Working in it or even visiting in it is not for anyone with a tendency
to claustrophobia. The railroad is built on two levels and you need to
climb a step stool to view and/or access the upper level which connects
to the lower level via a helix. I chose to forego the climb and view it
from the ground. Aisle width is also, shall we say, a bit tight,
another element of a railroad that’s, unfortunately, not designed for
everyone.
Nonetheless,
despite its condensed size he has managed represent Baltimore very well
with the railroads, the PRR and the B&O, running behind the
ageing factories and businesses in the less appealing parts of town,
the sections of your typical older east coast cities that have seen
better days.

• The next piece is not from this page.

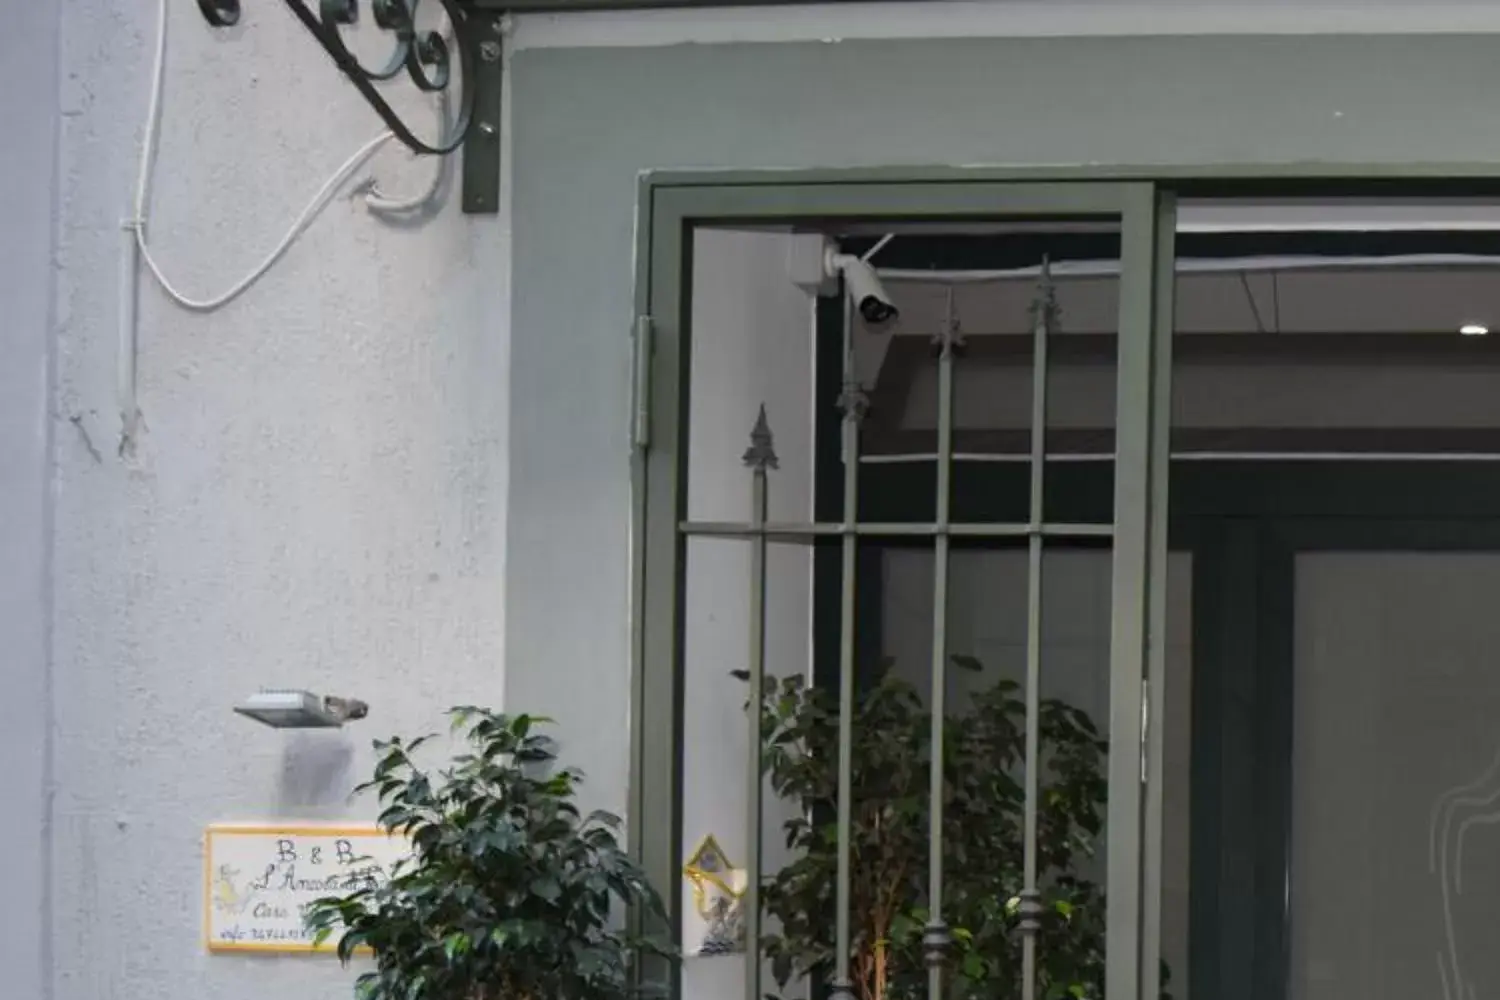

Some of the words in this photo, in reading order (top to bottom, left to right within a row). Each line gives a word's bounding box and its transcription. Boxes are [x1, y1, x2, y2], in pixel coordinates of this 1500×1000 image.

[276, 839, 297, 862] B
[310, 846, 323, 865] &
[335, 839, 353, 865] B

He has interspersed appropriate models of both trains and
of the actual city landmarks combined with structures that look like
they belong there as well. The PRR station and the
Bromo-Seltzer tower are the most noteworthy of the real places, and an
establishment called the Kit Kat club, representing a business no doubt
similar in nature to Blaze Starr’s old haunt on E. Baltimore Street,
which I visited back in 1964 when she was still at the pinnacle of her
fame as part of the downtown scene. Power equipment on the layout
includes a PRR H-class 2-8-0 which was running this time, a GG-1, and a
PRR streamlined K-4. A B&O dockside 0-4-0 prowls the harbor
area. Some of the model factories on the layout had complete
interior details including the American Can Company that had both model
O scale can making machinery and model O scale people working in it.
Maybe he could invite Bill Day over to make the machinery in the
building actually produce O scale cans. That section also has an
operational rotating dumper for hopper cars, and while I wouldn’t have
expected too much to have changed since my last trip there, he has
added some interesting new highlights. Those of us in the early group
of visitors were subjected to a large, loud, storm as we entered the
room (shades of rolling thunder?) with numerous flashes of lightening;
fortunately for us, the heavy rain it must have produced missed the
aisles. He has also added a working grist mill (no actual grain – just
a turning wheel) that had an uncanny resemblance to Colvin Mill in
Great Falls, Virginia, and he is beginning a mountain with a tunnel to
enclose the helix that connects the two levels. Then there was a
Western Maryland Shay attached to a freight tailing a PRR N5c caboose
that I don’t recall from last time. But the operating signal system was
still there, controlled by a computer tucked somewhere under the lower
level, and the trains and turnouts are still controlled from a single
fixed panel. The compact nature of the space available makes the way he
has utilized it all the more fascinating, though I still find working
in such tight spaces is no more appealing this time around.